### What to produce
Please reproduce the entire listing, character for character.

### Records supplied
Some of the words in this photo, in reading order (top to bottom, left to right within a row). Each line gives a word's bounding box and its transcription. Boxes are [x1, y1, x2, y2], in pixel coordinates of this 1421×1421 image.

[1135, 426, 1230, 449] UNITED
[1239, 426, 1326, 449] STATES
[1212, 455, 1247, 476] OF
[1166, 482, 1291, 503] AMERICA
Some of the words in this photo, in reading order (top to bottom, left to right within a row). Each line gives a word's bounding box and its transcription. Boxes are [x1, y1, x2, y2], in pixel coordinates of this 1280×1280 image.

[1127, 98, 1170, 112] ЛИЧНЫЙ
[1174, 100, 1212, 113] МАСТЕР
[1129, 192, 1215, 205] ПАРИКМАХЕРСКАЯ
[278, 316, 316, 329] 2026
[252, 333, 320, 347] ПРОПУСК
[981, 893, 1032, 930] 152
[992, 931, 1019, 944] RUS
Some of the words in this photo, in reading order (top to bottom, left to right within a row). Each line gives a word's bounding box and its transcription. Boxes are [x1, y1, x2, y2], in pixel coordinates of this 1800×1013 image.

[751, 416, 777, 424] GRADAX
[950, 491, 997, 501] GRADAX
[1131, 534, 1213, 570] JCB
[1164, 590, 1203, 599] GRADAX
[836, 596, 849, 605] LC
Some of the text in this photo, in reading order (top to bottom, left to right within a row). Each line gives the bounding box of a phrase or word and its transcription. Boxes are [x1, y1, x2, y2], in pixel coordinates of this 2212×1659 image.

### Answer for this exercise
Some of the words in this photo, in reading order (top to bottom, left to right within a row). Each line gives a word's bounding box and its transcription. Boxes are [x1, y1, x2, y2], in pixel coordinates of this 1421×1421 image.

[1135, 426, 1230, 449] UNITED
[1239, 426, 1326, 449] STATES
[1212, 455, 1247, 476] OF
[1166, 482, 1291, 503] AMERICA
Some of the words in this photo, in reading order (top to bottom, left to right within a row). Each line gives a word's bounding box and its transcription. Boxes are [x1, y1, x2, y2], in pixel coordinates of this 1280×1280 image.

[1127, 98, 1170, 112] ЛИЧНЫЙ
[1174, 100, 1212, 113] МАСТЕР
[1129, 192, 1215, 205] ПАРИКМАХЕРСКАЯ
[278, 316, 316, 329] 2026
[252, 333, 320, 347] ПРОПУСК
[981, 893, 1032, 930] 152
[992, 931, 1019, 944] RUS
Some of the words in this photo, in reading order (top to bottom, left to right within a row). Each line gives a word's bounding box and its transcription. Boxes are [x1, y1, x2, y2], in pixel coordinates of this 1800×1013 image.

[751, 416, 777, 424] GRADAX
[950, 491, 997, 501] GRADAX
[1131, 534, 1213, 570] JCB
[1164, 590, 1203, 599] GRADAX
[836, 596, 849, 605] LC
Some of the text in this photo, in reading order (top to bottom, left to right within a row). Each line gives the bounding box of a phrase or word and its transcription. Boxes are [x1, y1, x2, y2], in pixel coordinates of this 2212×1659 image.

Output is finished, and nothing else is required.